Estoy leyendo un libro que me tiene perpleja. Habla de enormes salmones que aparecen entre galaxias, suena a comic de colores, dibuja perfecto lo mal que se entiende todo el mundo en las historias de amor. Por si fuera poco, se ríe de los periodistas, se ríe más si cabe de los estudiantes con ideas, ni os cuento de los artistas y a mí me hace descojonarme en el metro ultrasilencioso de las mañanas de aquí.
Con un pie en la tierra y otro en los superheroes, un tono argentino con vistas a El Cairo y mucha mala leche, un tal César Aira del que confieso no haber oído hablar nunca antes nos regala en “Las aventuras de Barbaverde” la sorpresa de una cosa diferente, por una vez.
Una va leyendo y se encuentra con que se dice, se contradice, se toma el pelo, nos toma el pelo, exagera, se carga la verosimilitud, la arrastra de vuelta, lo enreda todo, mata, revive, se saca ases de la manga, conejos de la manga. Todo lo que no era verdad se convierte de pronto en verdad. Y lo que lo era, pues no. Y así todo el tiempo. Nunca se sabe. Como en la vida misma. Todo es como una inmensa onomatopeya, deja el regusto de una viñeta excesiva.
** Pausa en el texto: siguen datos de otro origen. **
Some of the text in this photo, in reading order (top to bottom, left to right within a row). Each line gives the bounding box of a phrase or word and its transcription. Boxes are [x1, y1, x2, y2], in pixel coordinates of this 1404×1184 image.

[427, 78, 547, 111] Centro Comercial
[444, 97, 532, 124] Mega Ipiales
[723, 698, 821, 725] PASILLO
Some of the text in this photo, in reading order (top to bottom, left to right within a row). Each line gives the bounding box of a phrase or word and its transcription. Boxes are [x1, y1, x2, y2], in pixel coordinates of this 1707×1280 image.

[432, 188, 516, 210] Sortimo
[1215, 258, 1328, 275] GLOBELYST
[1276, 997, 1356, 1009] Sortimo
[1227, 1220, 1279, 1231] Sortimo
El caso es que por primera vez en mucho tiempo, la sensación más fuerte que el libro me produce es “joder, cómo se lo ha pasado este hombre escribiendo esto”. Porque hace absolutamente lo que le da la gana.
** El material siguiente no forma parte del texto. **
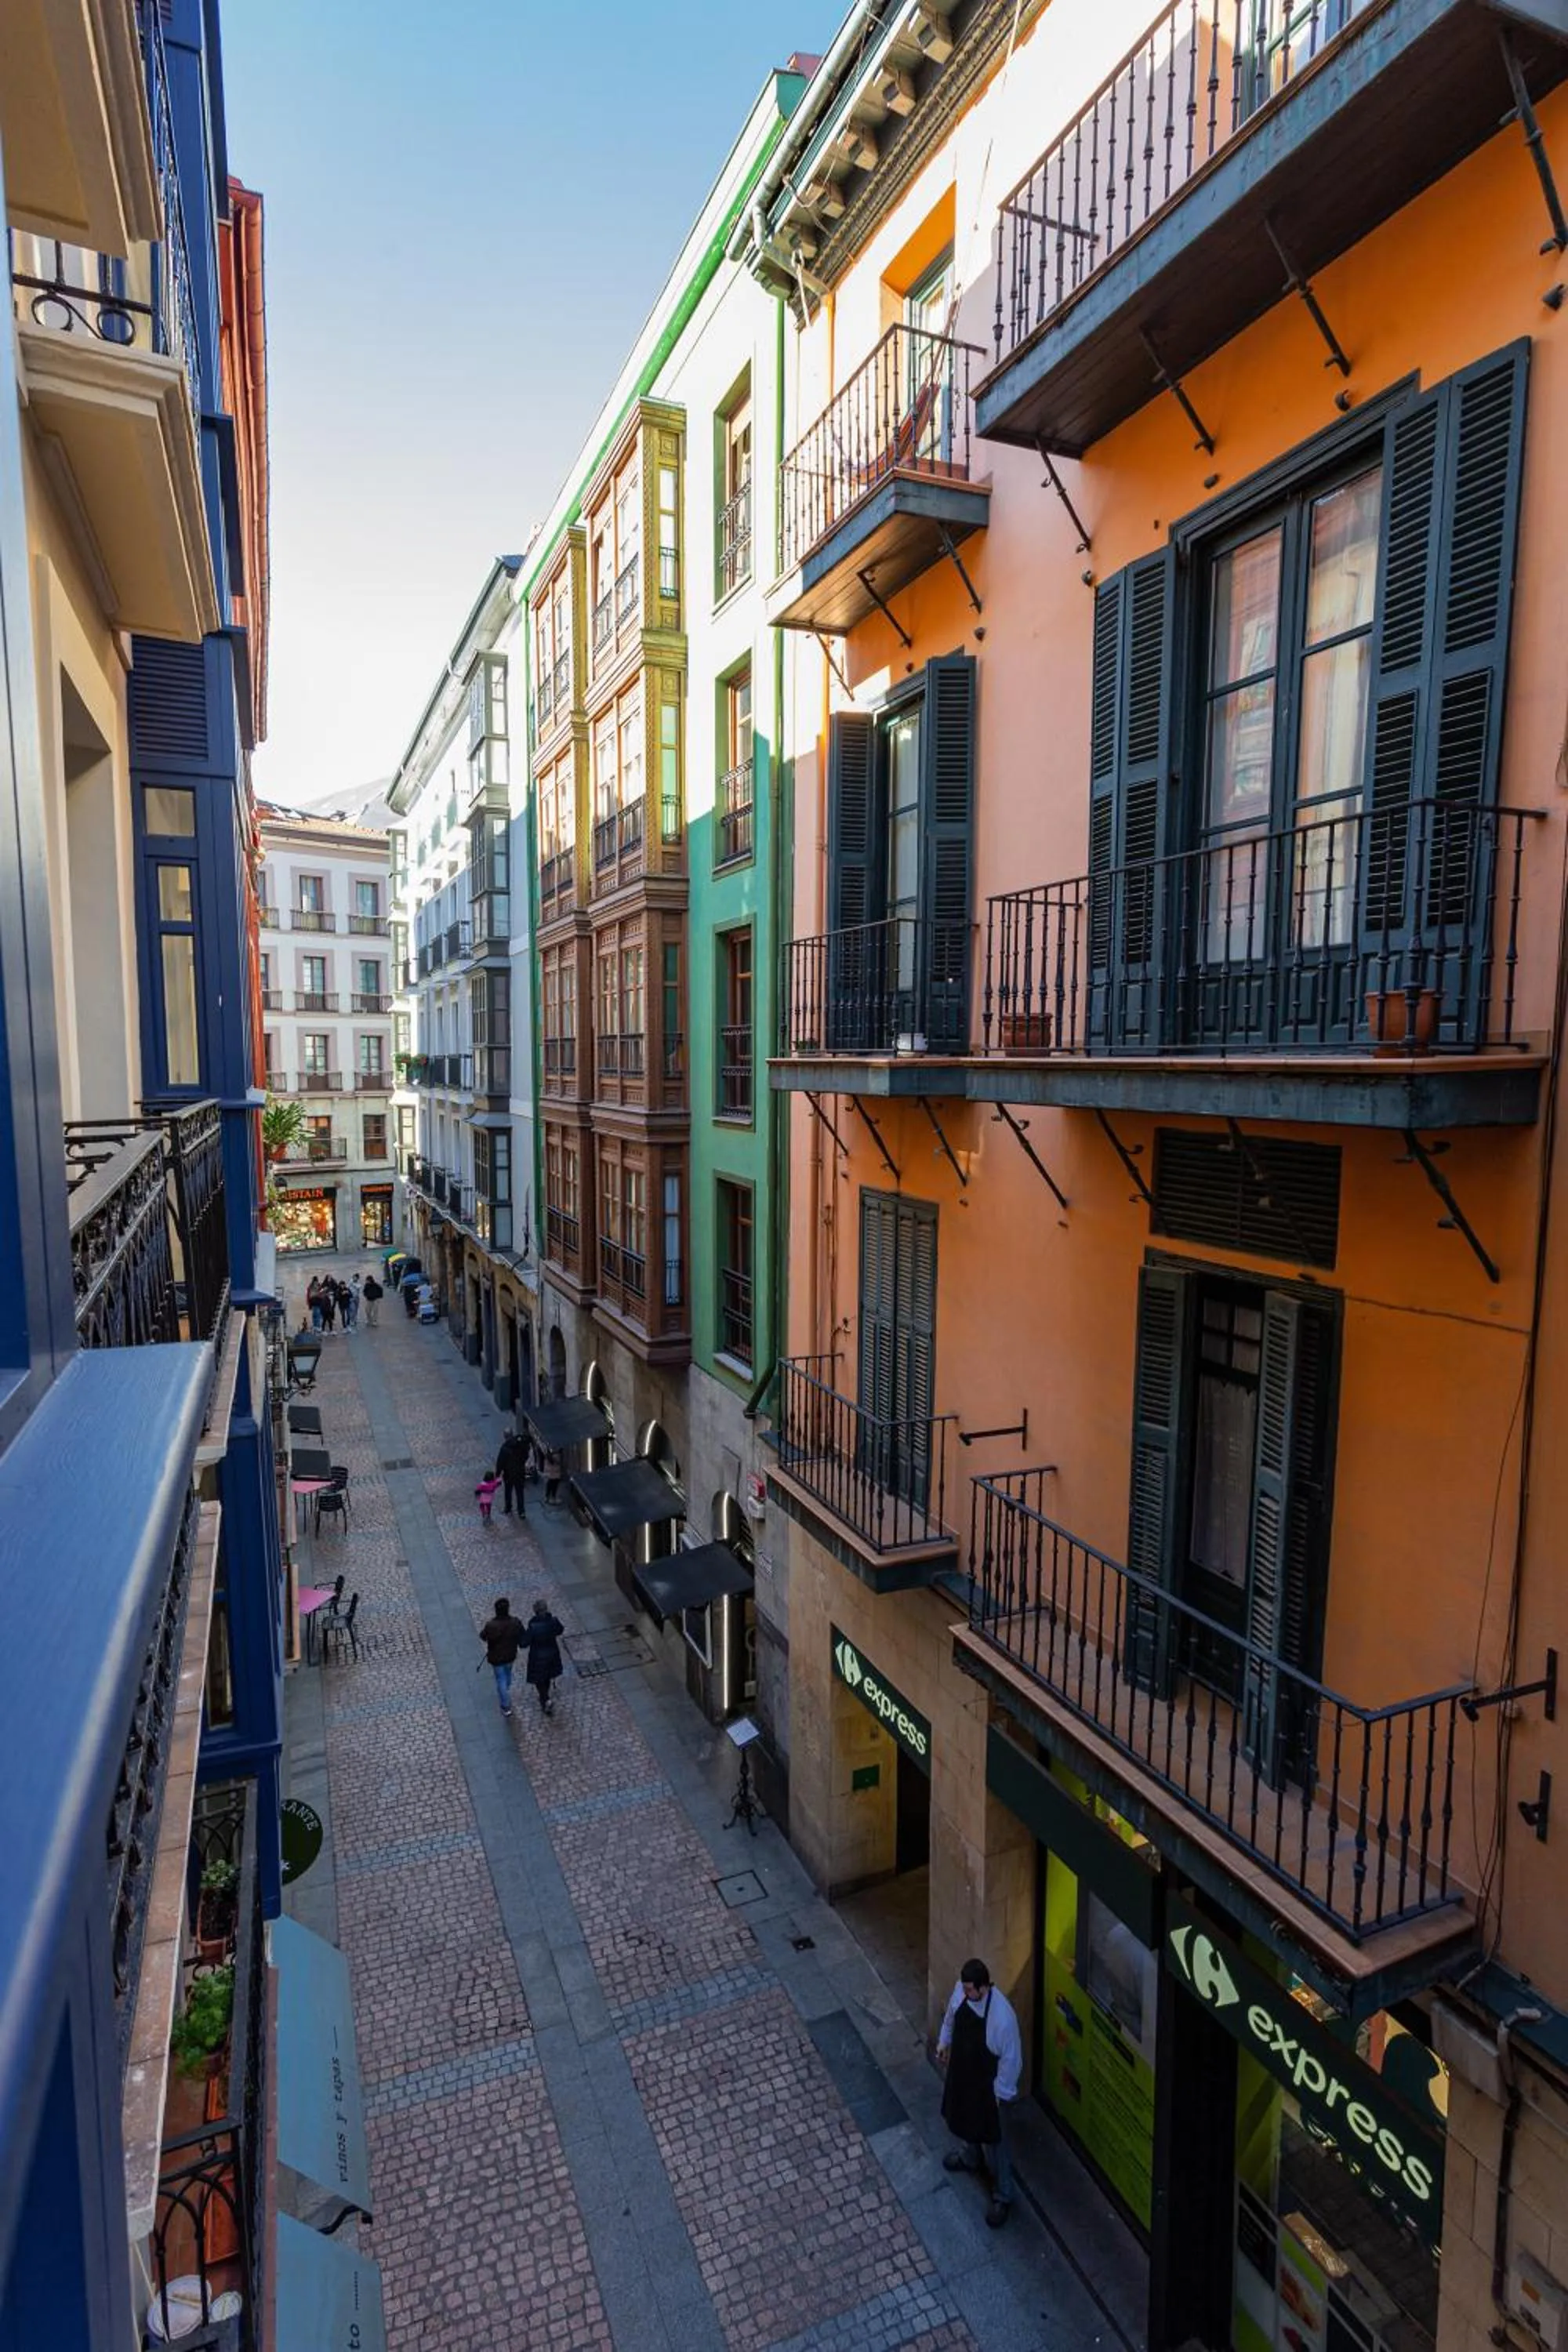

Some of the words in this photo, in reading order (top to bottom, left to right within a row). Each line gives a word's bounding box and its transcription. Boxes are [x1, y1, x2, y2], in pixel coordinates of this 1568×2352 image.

[863, 1675, 927, 1755] express
[331, 2056, 343, 2102] tapas
[1247, 2005, 1433, 2201] express
[335, 2111, 347, 2125] y
[336, 2131, 349, 2183] vinos
Y la segunda, que una vez más se prueba que las cosas serias sólo se pueden decir con mucho, mucho sentido del humor.
Que ya basta para justificar la compra compulsiva de ese día en que, leyendo la solapa, me dije: “esto sólo puede estar o muy muy bien, o muy muy mal”.
Me alegra cuando no me falla el instinto.
“Iba pensando en que la actitud de sus compañeros tenía al menos algún mérito, a pesar de ellos. Porque, se decía, un viajero que se encontraba en un país extraño, del que no conocía la lengua y las costumbres, se sentía en una posición de inferioridad (…) Ellos, en cambio, no se dejaban amilanar por lo desconocido, de lo que se burlaban con la mayor desenvoltura. Lo hacían por ignorancia y provincianismo, pero tenía su mérito de todos modos. Se necesitaba cierto grado de cultura e inteligencia para amedrentarse frente a lo desconocido. Si ese chino hubiera sido un autómata programado para interactuar con extranjeros, ellos le habrían descompuesto el mecanismo. “
(¿Me diréis que no tenéis unos cuantos amigos así?)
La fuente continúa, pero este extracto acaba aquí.